- [ACTIVITY]:
Leave out the images and output the records word for word.
BEGIN GIVEN INFORMATION
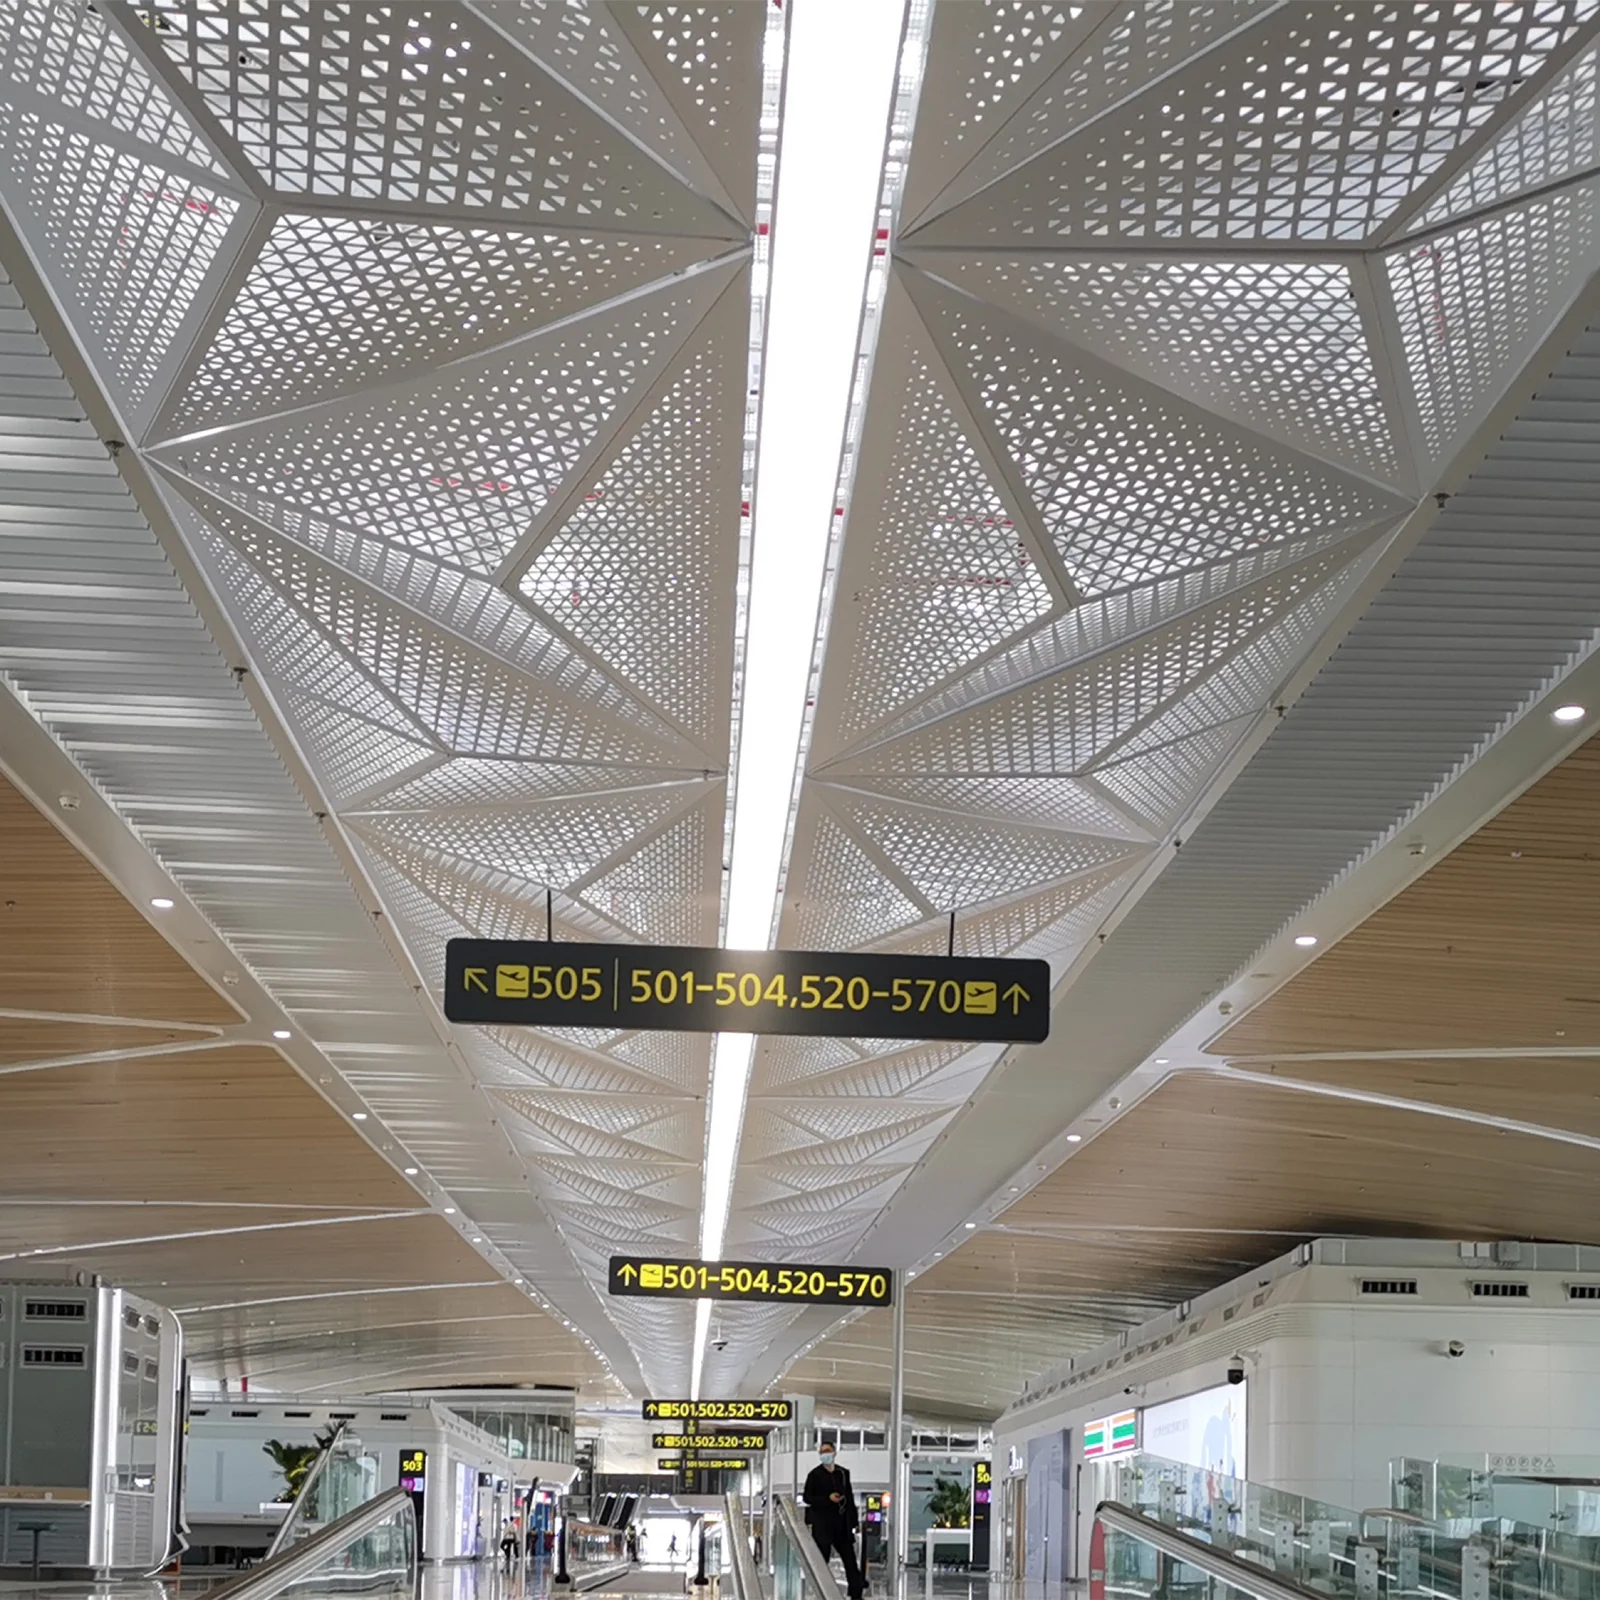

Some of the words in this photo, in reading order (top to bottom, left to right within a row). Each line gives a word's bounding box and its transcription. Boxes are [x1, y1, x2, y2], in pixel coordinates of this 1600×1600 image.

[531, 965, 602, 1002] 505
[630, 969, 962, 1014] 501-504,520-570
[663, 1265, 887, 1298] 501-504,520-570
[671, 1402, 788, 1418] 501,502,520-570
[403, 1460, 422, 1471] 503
END GIVEN INFORMATION
- [TASK ANSWER]:
Some of the words in this photo, in reading order (top to bottom, left to right within a row). Each line gives a word's bounding box and its transcription. Boxes are [x1, y1, x2, y2], in pixel coordinates of this 1600×1600 image.

[531, 965, 602, 1002] 505
[630, 969, 962, 1014] 501-504,520-570
[663, 1265, 887, 1298] 501-504,520-570
[671, 1402, 788, 1418] 501,502,520-570
[403, 1460, 422, 1471] 503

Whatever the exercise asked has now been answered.